10

Pakarbola.net – Asosiasi Sepak Bola Argentina masih  belum menerima keputusan FIFA terkait sanksi larangan bermain empat pertandingan untuk Lionel Messi. Presiden AFA Claudio Tapia bahkan rela melakukan perjalanan  ke Spanyol. Sebelumnya, Messi tertangkap kamera telah berkata kasar pada perangkat pertandingan, yakni Marcelo Vangasse dan Dewson Silva.

Tampaknya Messi tidak menerima pada putusan wasit setelah berulang kali memperoleh permainan keras dari pemain Chile. Setelah dilakukan penyelidikan, FIFA pun memutuskan bahwa Messi bersalah karena sudah melanggar melanggar pasal 57 dari FDC setelah mengarahkan kata-kata hinaan kepada asisten wasit.

Belum lama ini, Tapia sampai melakukan perjalanan ke Spanyol. Sebelumnya, perjalanan itu diduga untuk melobi Jorge Sampaoli atau Diego Simeone untuk menjadi pelatih timnas Argentina. Akan tetapi, ia memastikan bahwa kunjungannya tersebut untuk membahas masalah Messi. FIFA memang sudah memanggil Lionel Messi untuk kasusnya yang membuat masalah serta mengakibatkan larang bermain selama empat pertandingan setelah laga melawan Chile. Sangat penting baginya untuk menghadiri dengan didampingi pengacara dari FA untuk memperleh pengurangan hukuman.

Menurut Messi, dirinya tidak peduli dengan kritik yang diarahkan kepadanya.

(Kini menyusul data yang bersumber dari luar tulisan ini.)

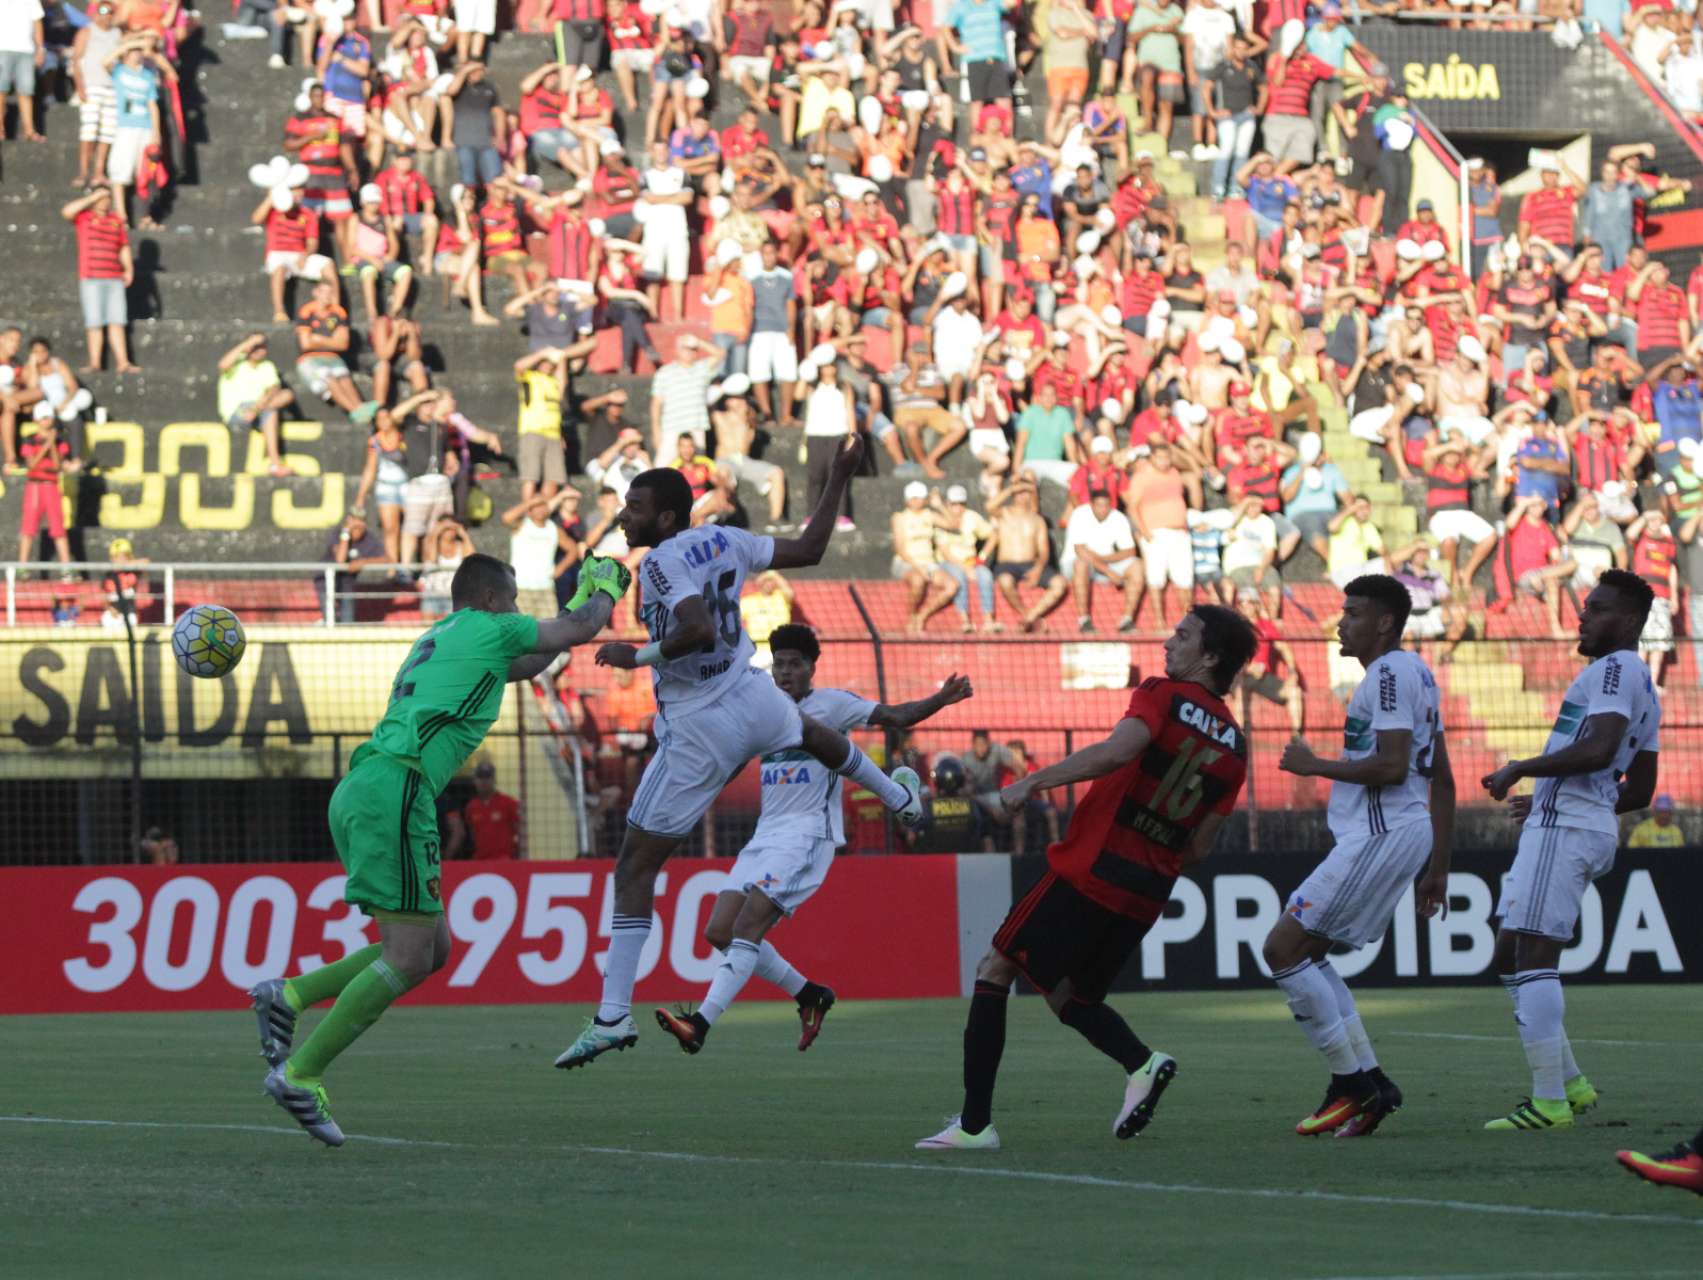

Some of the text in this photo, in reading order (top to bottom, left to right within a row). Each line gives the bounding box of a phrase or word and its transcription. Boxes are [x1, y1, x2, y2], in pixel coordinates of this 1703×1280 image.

[1404, 54, 1501, 100] SAÍDA
[684, 531, 730, 569] CAIXA
[12, 632, 314, 748] SAÍDA
[1179, 702, 1236, 750] CAIXA
[760, 767, 811, 785] AIXA
[1147, 736, 1224, 820] 16
[424, 841, 440, 867] 12

Dia mengaku hanya ingin fokus membela tim Argentina. Saya paham orang-orang ingin kami terus menang dan membawa trofi dan kami yang aman di timnas Argentina juga menginginkan hal yang sama, ungkapnya. Kritikan yang saya terima bukan sesuatu yang saya pedulikan karena saya tahu betul apa yang sebenarnya terjadi, ucap Messi, menambahkan.

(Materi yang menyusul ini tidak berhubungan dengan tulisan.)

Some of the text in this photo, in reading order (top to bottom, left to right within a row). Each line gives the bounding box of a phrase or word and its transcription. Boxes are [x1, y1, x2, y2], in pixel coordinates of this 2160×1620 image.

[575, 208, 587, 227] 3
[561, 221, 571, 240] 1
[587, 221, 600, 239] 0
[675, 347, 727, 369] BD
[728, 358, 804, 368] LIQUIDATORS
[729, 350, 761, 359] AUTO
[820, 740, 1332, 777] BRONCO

Messi juga mengungkapkan, medali emas pada Olimpiade Beijing 2008 menjadi trofi yang sangat diingatnya sepanjang karier. Saat itu, Messi masih berusia 21 tahun. Itulah kemenangan yang paling saya ingat karena itu turnamen yang mungkin hanya kalian mainkan sekali dalam hidup dan itu diikuti banyak atlet dari berbagai Negara. Jadi ia akan berusaha semaksimal mungkin untuk mendukung timnas spanyol, bahkan ia mengatakan bahwa teriakan dan kritikan itu memang ditujukan bukan untuk sang wasit, melainkan kepada diri sendiri, akibat kesal dan emosi.